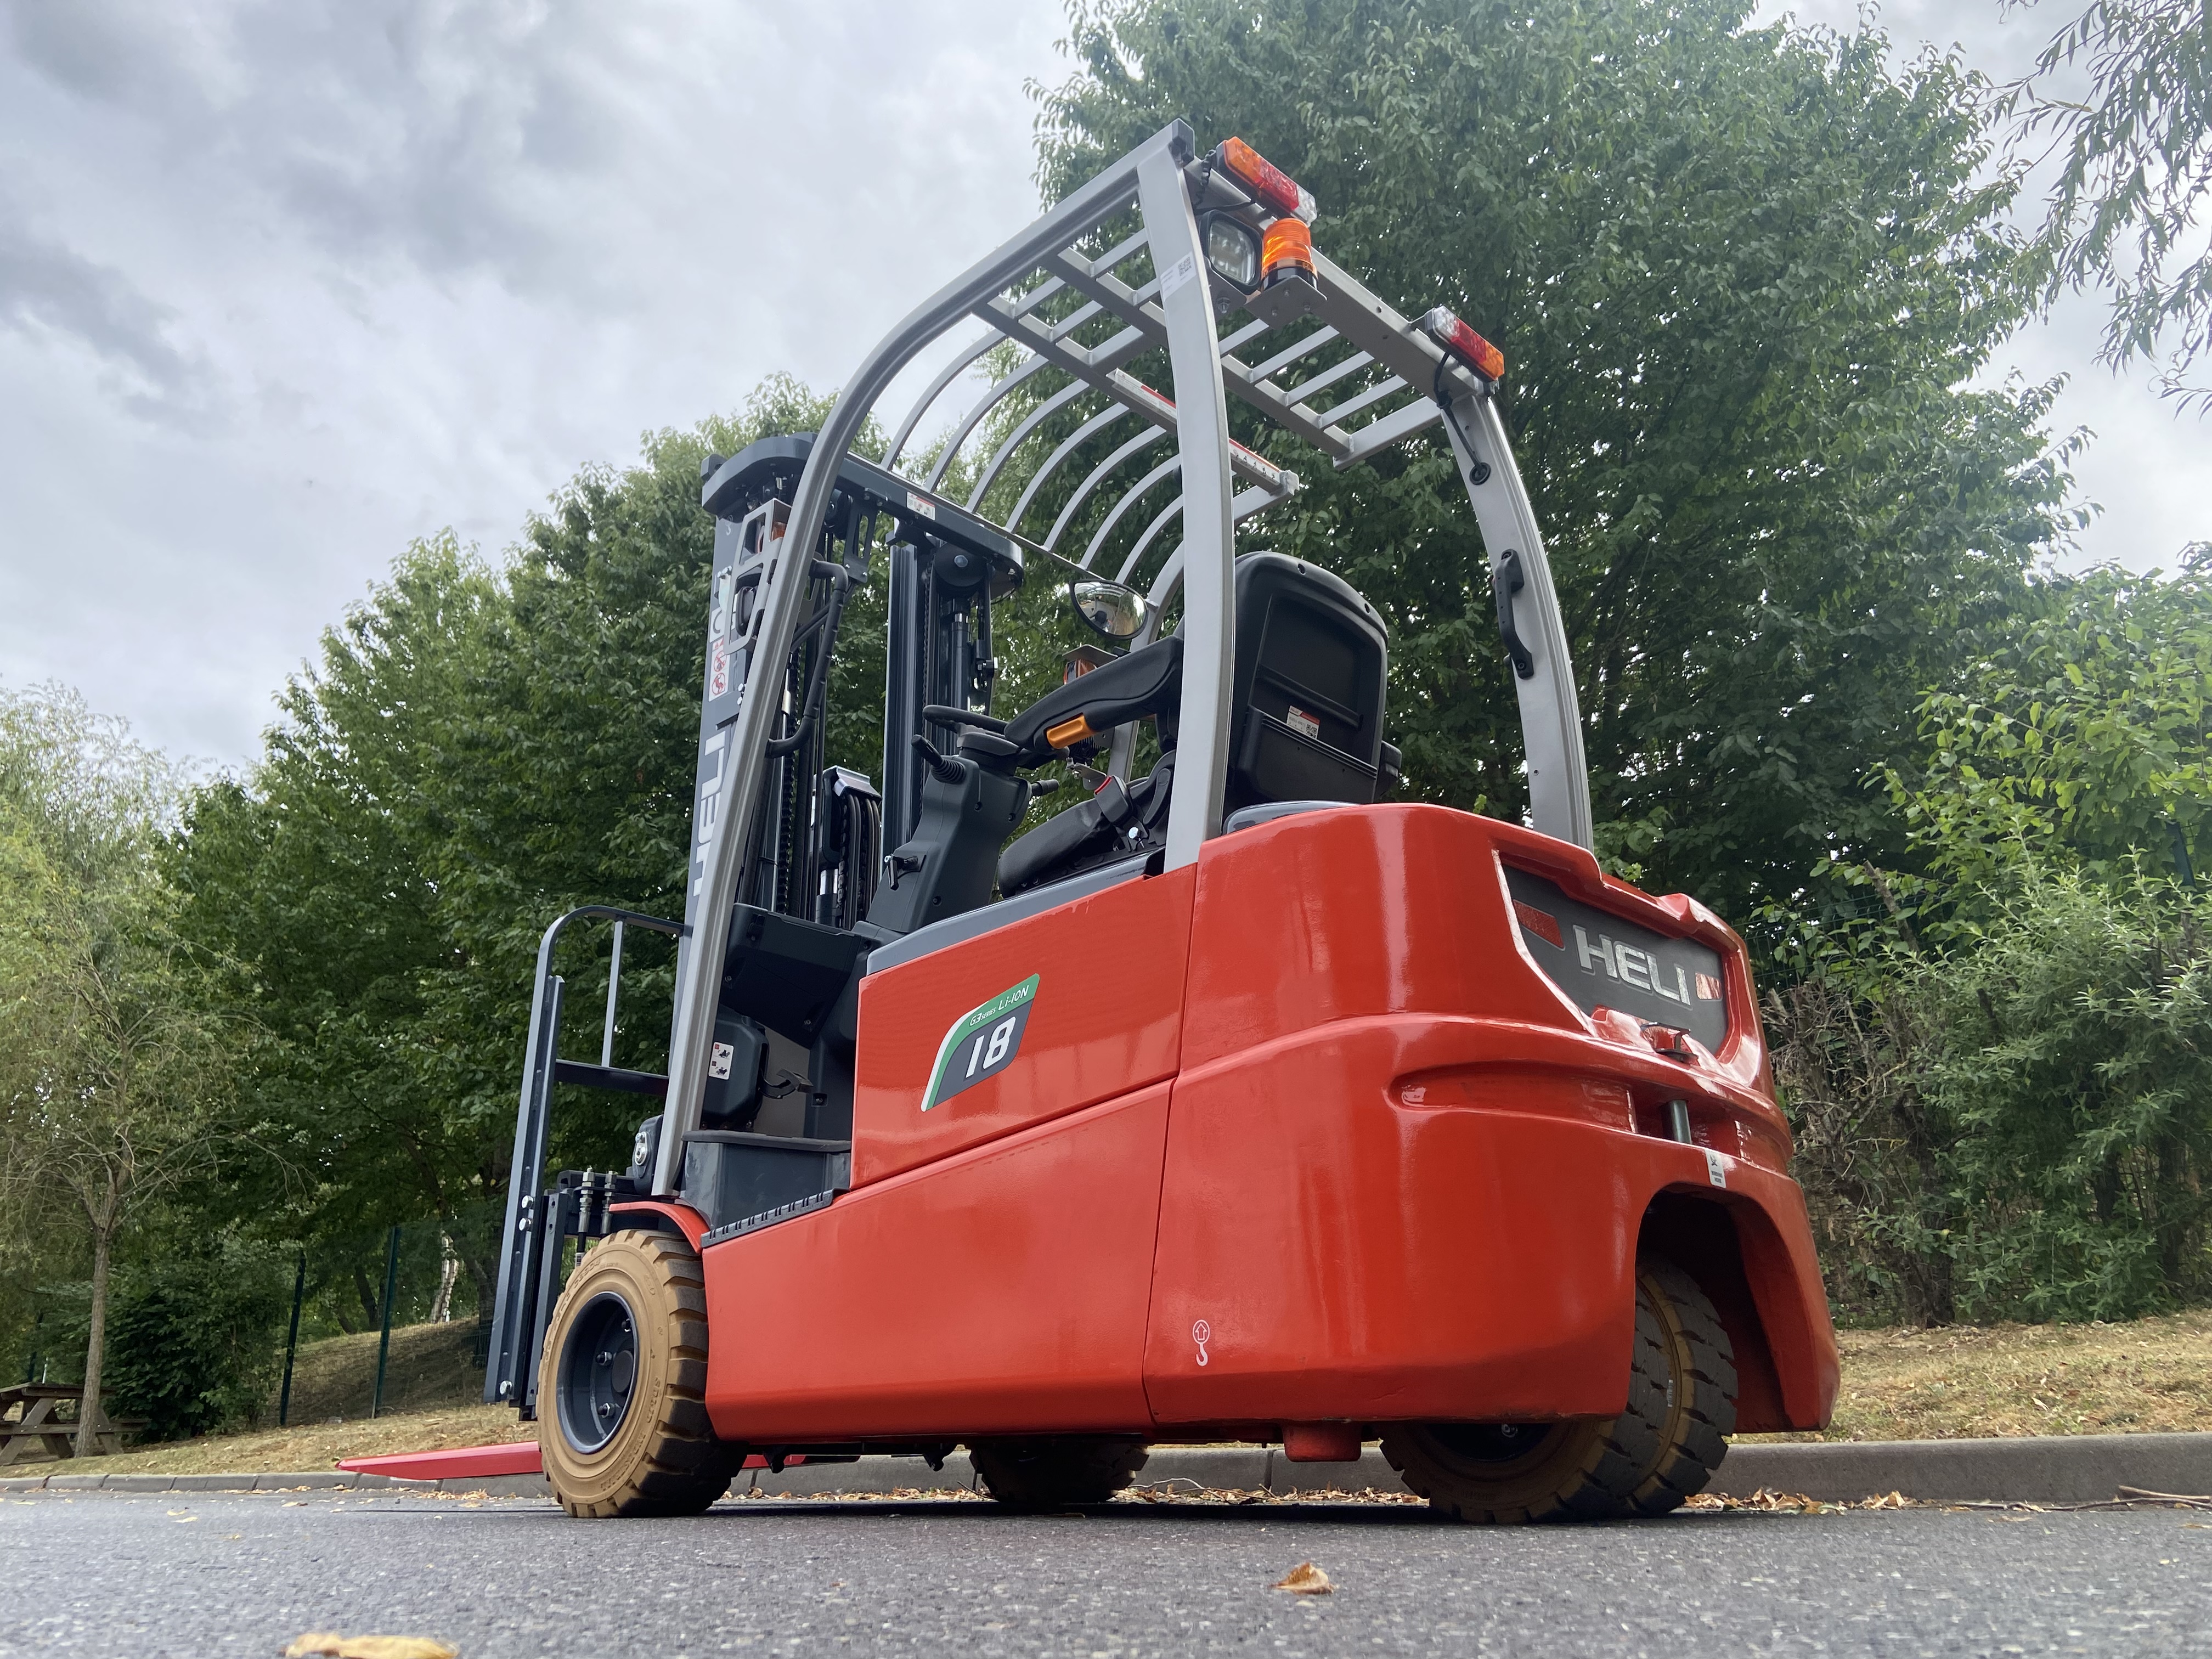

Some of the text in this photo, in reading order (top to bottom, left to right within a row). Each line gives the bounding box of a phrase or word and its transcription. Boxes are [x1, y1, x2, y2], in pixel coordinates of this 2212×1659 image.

[1574, 926, 1691, 1006] HELI
[998, 985, 1030, 1011] Li-ION
[966, 1017, 1015, 1078] 18
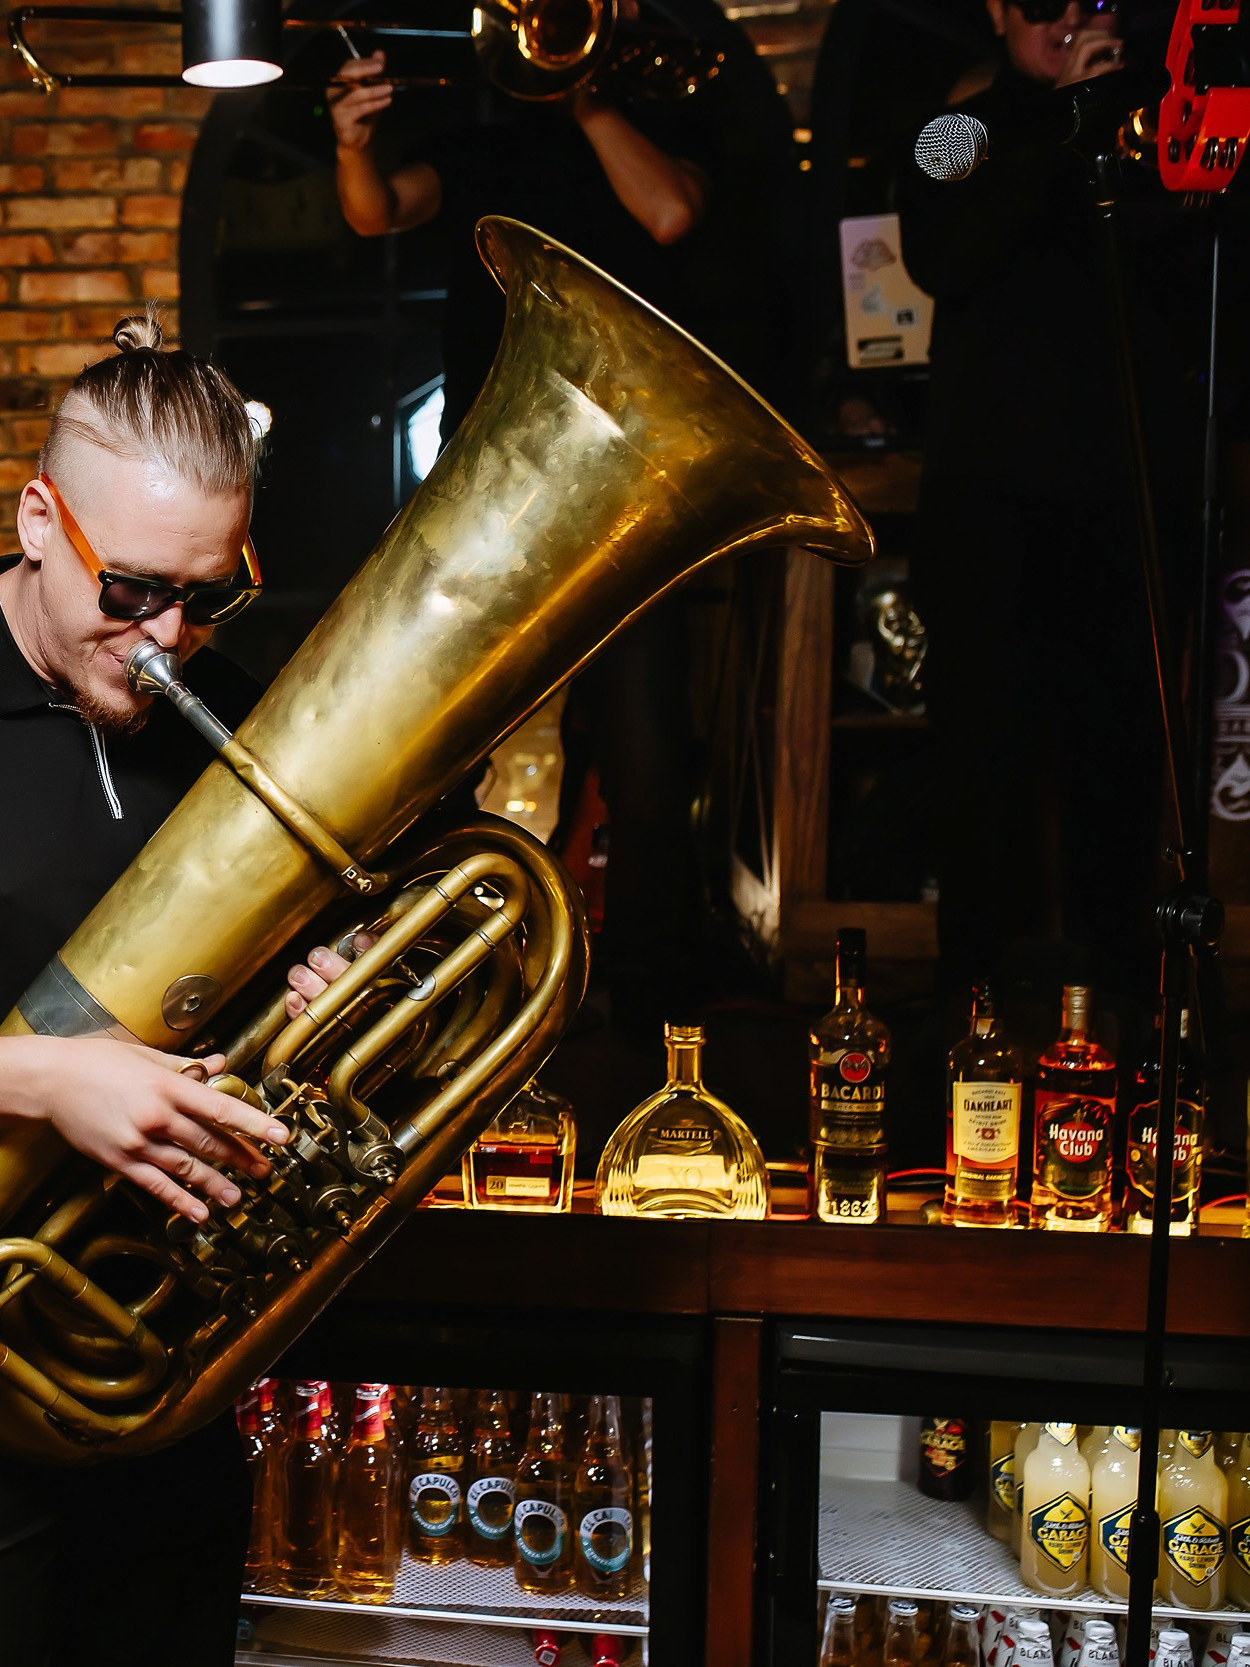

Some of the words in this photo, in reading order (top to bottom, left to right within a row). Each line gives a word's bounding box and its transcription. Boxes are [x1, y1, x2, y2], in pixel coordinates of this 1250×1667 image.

[963, 1099, 1013, 1112] OAKHEART
[660, 1129, 711, 1140] MARTELL
[1049, 1123, 1104, 1142] Havana
[1142, 1127, 1199, 1146] Haana
[1059, 1141, 1093, 1156] Club
[489, 1180, 504, 1190] 20
[669, 1167, 703, 1189] XO
[418, 1476, 459, 1498] CAPULCO
[1168, 1539, 1224, 1555] GARAGE

..........

• **WHAT IS EXPECTED**
With the images excluded, reproduce the data above precisely as written.

• **SOLUTION TO THIS PROBLEM**
Some of the text in this photo, in reading order (top to bottom, left to right within a row). Each line gives the bounding box of a phrase or word and its transcription. Boxes are [x1, y1, x2, y2], in pixel coordinates of this 2212×1659 image.

[1574, 926, 1691, 1006] HELI
[998, 985, 1030, 1011] Li-ION
[966, 1017, 1015, 1078] 18

Some of the words in this photo, in reading order (top to bottom, left to right within a row). Each line gives a word's bounding box and its transcription. Boxes are [x1, y1, x2, y2], in pixel coordinates of this 1250×1667 image.

[963, 1099, 1013, 1112] OAKHEART
[660, 1129, 711, 1140] MARTELL
[1049, 1123, 1104, 1142] Havana
[1142, 1127, 1199, 1146] Haana
[1059, 1141, 1093, 1156] Club
[489, 1180, 504, 1190] 20
[669, 1167, 703, 1189] XO
[418, 1476, 459, 1498] CAPULCO
[1168, 1539, 1224, 1555] GARAGE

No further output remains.